There is a small chance that Vm is close to V even if it comes from a faulty sensor, and another small chance that Vm comes from the one good sensor, but let's ignore those two cases and get a lower bound:

Prob(Vm is close to V) > 1 - 3p2 + 2p3

2. Plugging in, e.g., p=.1, we get Prob(success) > (1 - .03 + .002) = 0.972, so we can meet the 95% specification by taking the median of three sensors, each of which produce accurate output with only 90% probability.

As p increases, one can make the protocol more robust by taking the median of more measurements. For example, if p = .2 then the median of 3 experiments gives us a 12% protocol failure probability, which isn't good enough. But the median of 7 experiments (median of 5 is insufficient), by the same reasoning as above, can lead us astray if there are 4 or more sensor failures. This event happens with probability approximately 35·p4 , which is a bit less than 5%.

### Type II sensors

The median protocol returns as its result the output of some single sensor, based on examining outputs of several sensors and concluding that the chosen sensor's output value is close to the correct value. As explained in the introduction, if the protocol chooses a sensor that failed but whose random output was close enough to allow it to be chosen, we should, for Type II sensors, identify the result as a failure, rather than a success, of a protocol.

To account for this case, we calculate the probability that the sensor whose output the median protocol chooses was a working sensor, given that it somehow generated an output value that was close to the correct value.

Let M = Pr[working sensor | output value within tolerance]

= Pr[working sensor and output value within tolerance]/Pr[output value within tolerance]

= Pr[working sensor]/Pr[output value within tolerance]

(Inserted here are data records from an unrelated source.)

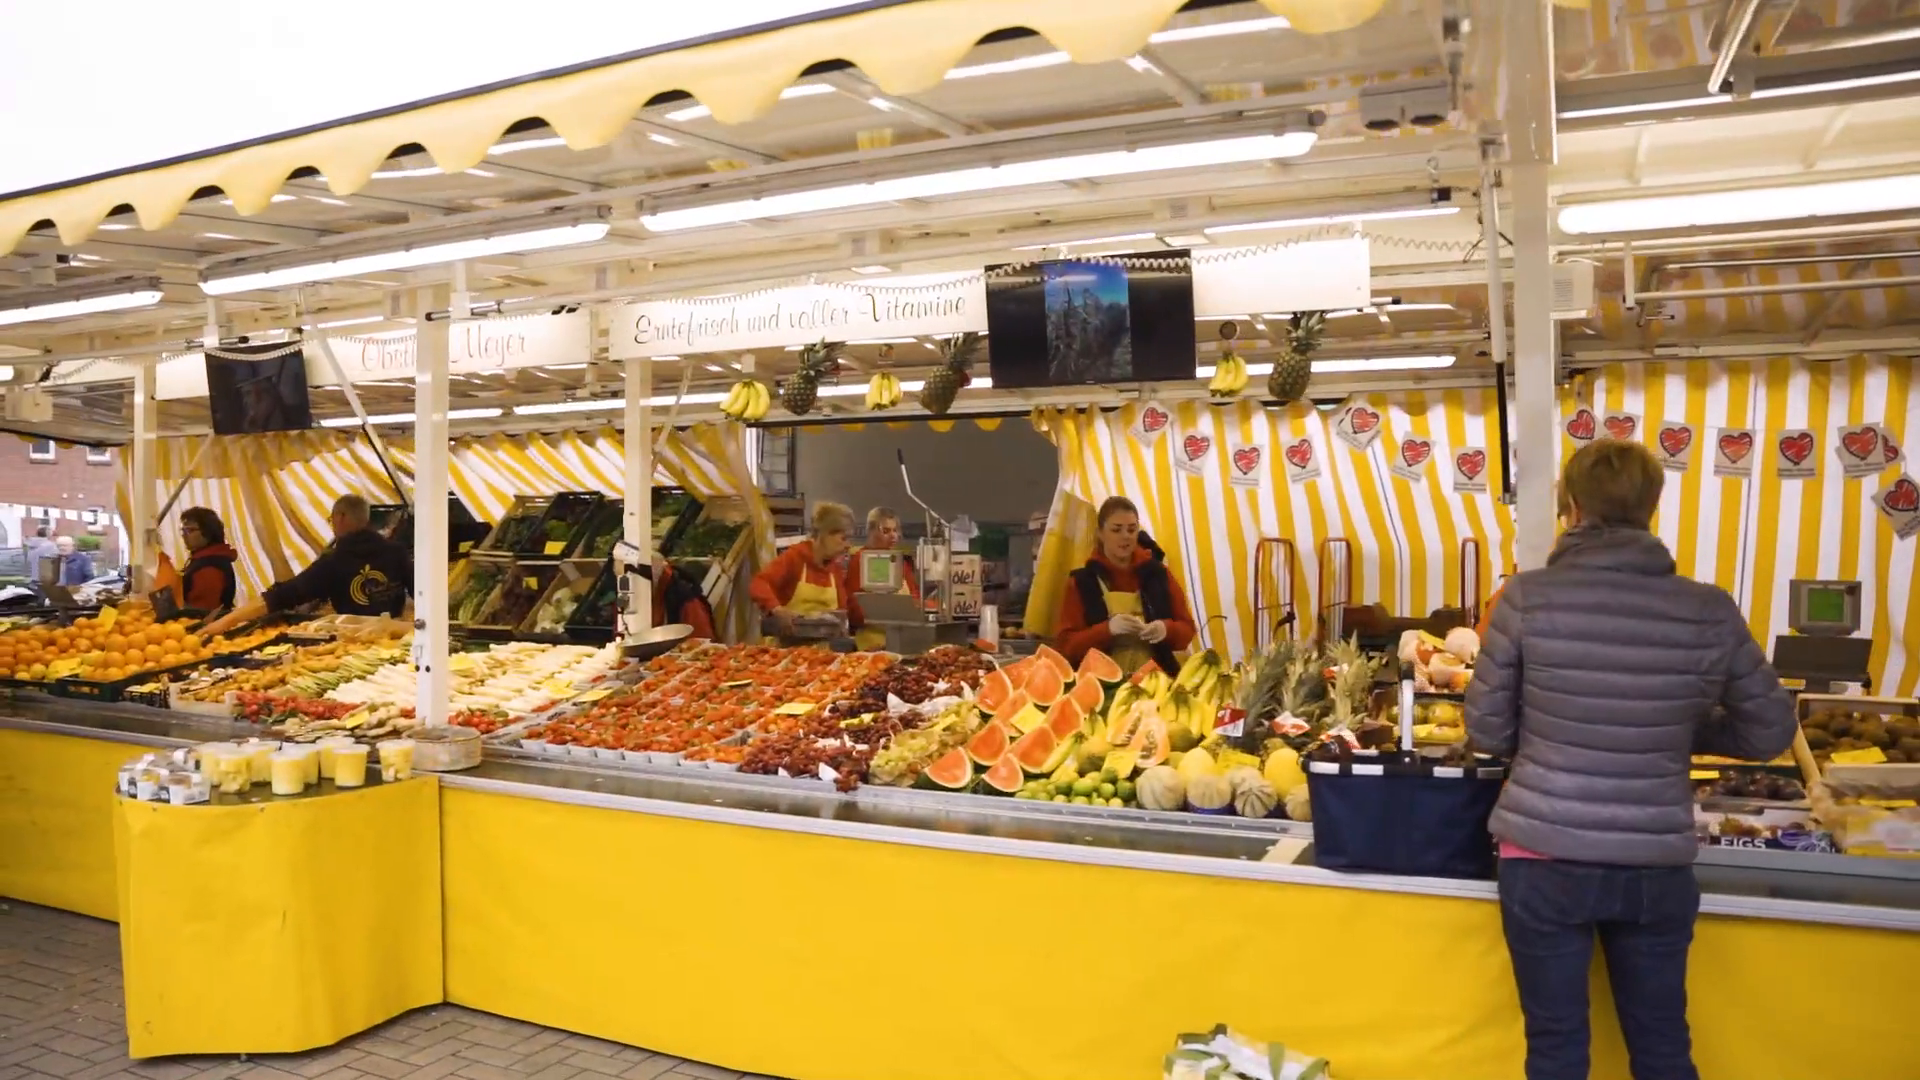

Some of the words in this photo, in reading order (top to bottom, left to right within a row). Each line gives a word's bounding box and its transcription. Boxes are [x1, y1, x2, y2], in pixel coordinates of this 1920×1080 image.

[633, 307, 739, 346] Erntefrisch
[747, 303, 781, 331] und
[789, 298, 850, 329] voller
[859, 292, 966, 322] Vitamine
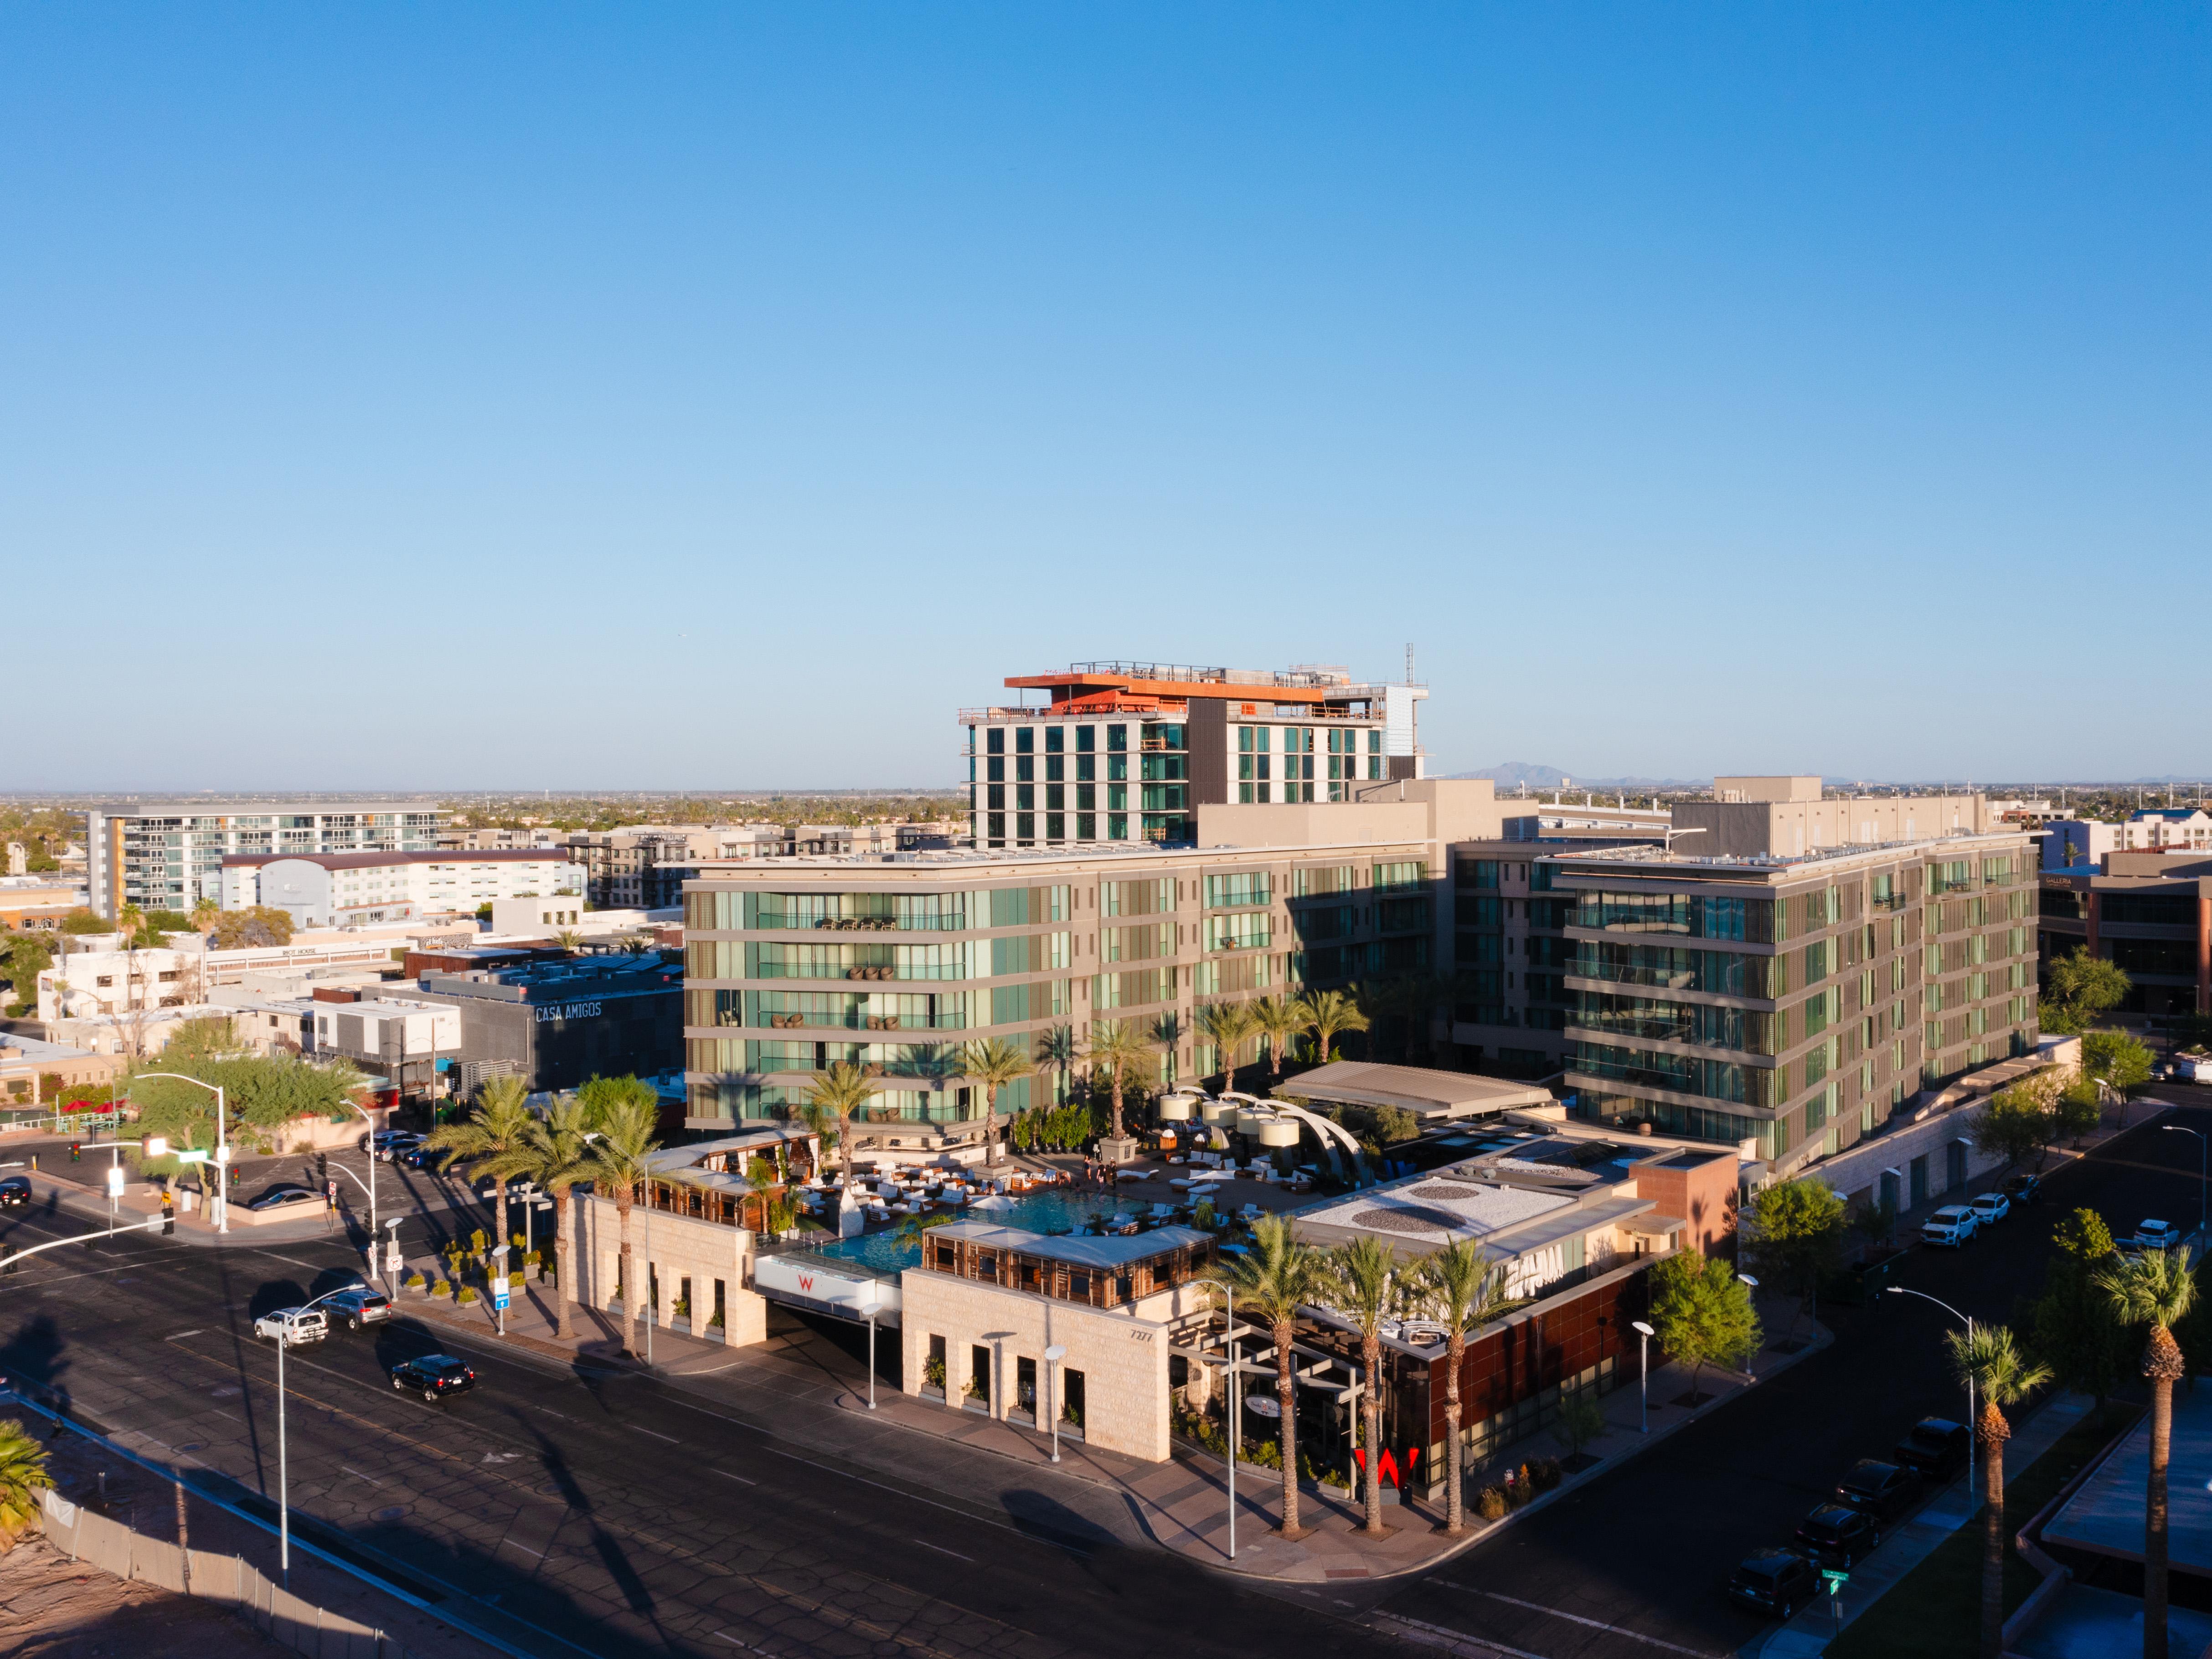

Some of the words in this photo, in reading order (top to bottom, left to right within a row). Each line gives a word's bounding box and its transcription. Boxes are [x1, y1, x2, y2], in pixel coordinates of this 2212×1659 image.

[2046, 877, 2072, 885] GALLERIA
[536, 1005, 562, 1022] CASA
[565, 1002, 601, 1020] AMIGOS
[798, 1274, 813, 1293] W
[1131, 1329, 1153, 1342] 7277
[1354, 1447, 1419, 1492] W
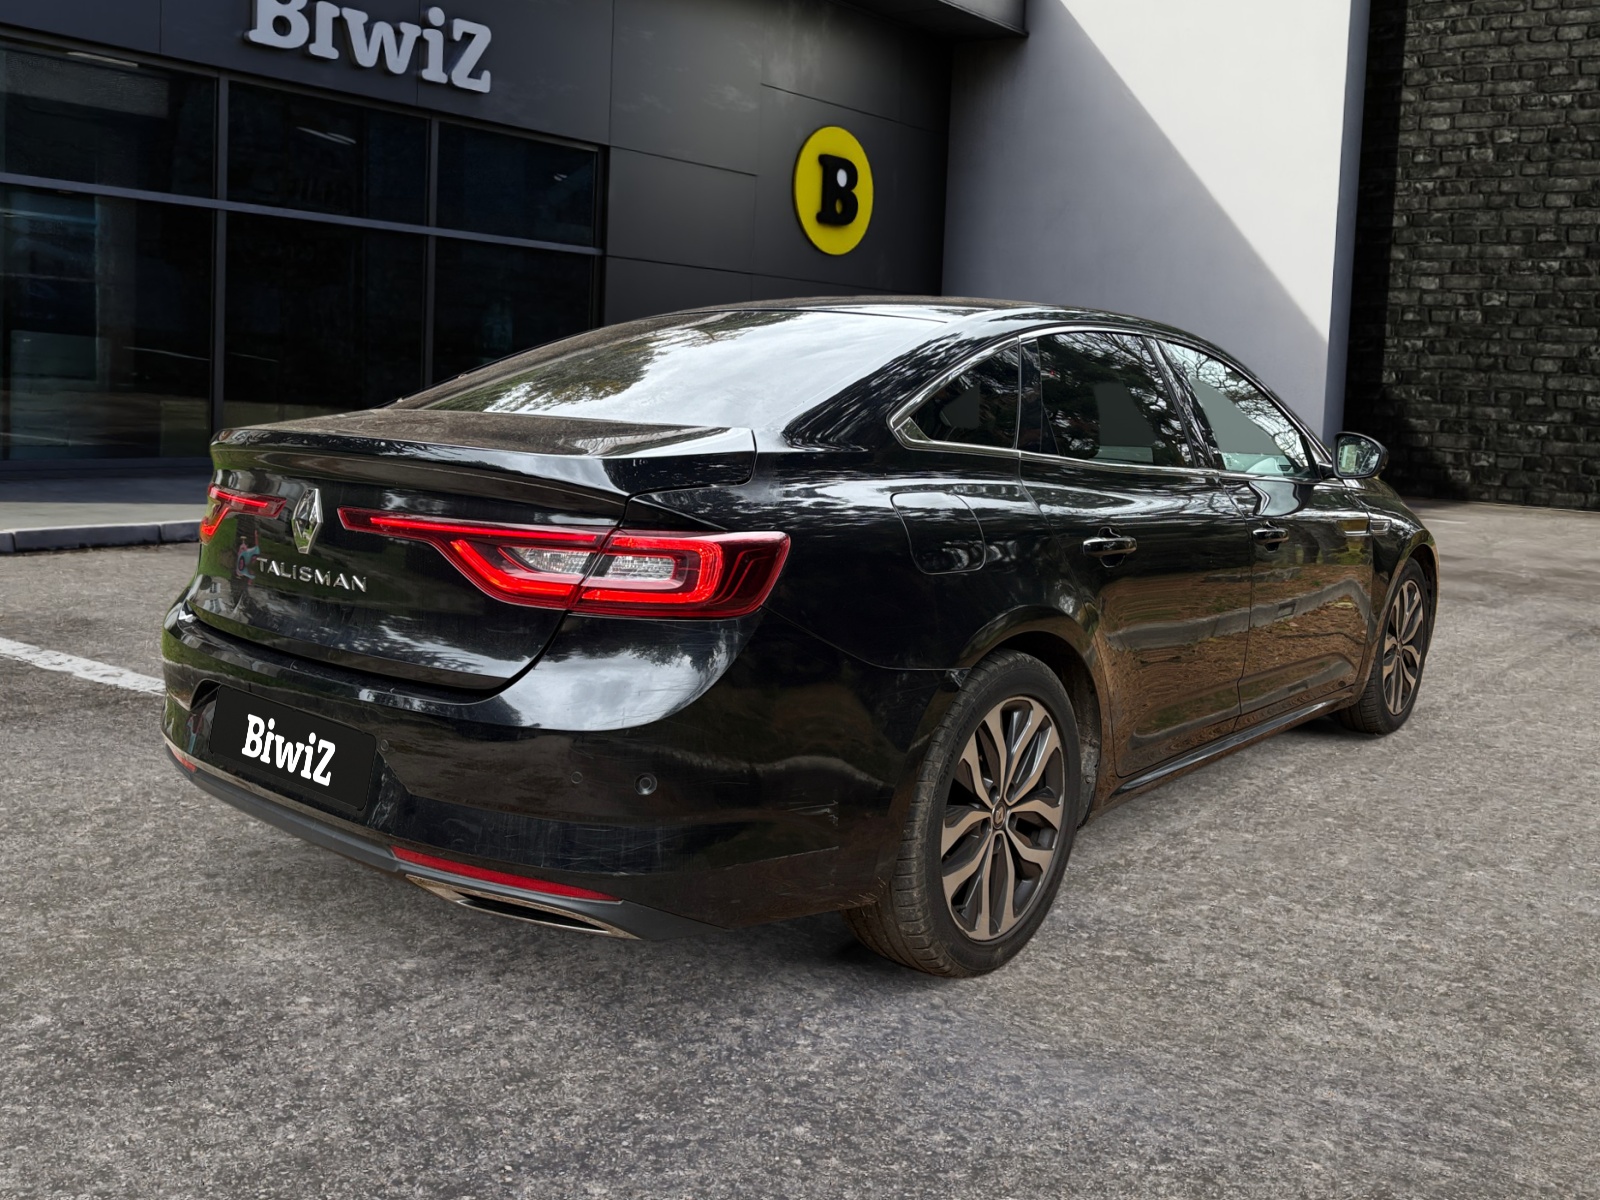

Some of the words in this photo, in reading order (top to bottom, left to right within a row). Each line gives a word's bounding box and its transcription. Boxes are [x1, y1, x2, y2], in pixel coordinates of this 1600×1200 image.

[816, 154, 859, 226] B
[256, 557, 367, 593] TALISMAN
[242, 714, 336, 786] BiwiZ

(Since a working sensor always yields output value within tolerance.)

= (1-p)/(Pr[working sensor and output value within tolerance] + Pr[non-working sensor and output value within tolerance]

= (1-p)/(1-p+Pr[non-working sensor]Pr[output value within tolerance | non-working sensor])

M = (1-p)/(1-p+pF)

Because

Pr[working sensor] = Pr[working sensor | output value within tolerance]Pr[output value within tolerance]
the probability M multiplicatively reduces the chance of success with respect to the Pr[output value within tolerance] that we calculated in the previous section. Again choosing F = 0.1, we can obtain the multiplier M for various values of p:
 p M 0.1 0.989 0.2 0.976 0.3 0.959
Since a multiplier below 0.95 will inevitably drag the protocol success rate to below the NASA specification of 95%, sensors with failure rates greater than 0.3 are unusable, no matter how many measurements we take.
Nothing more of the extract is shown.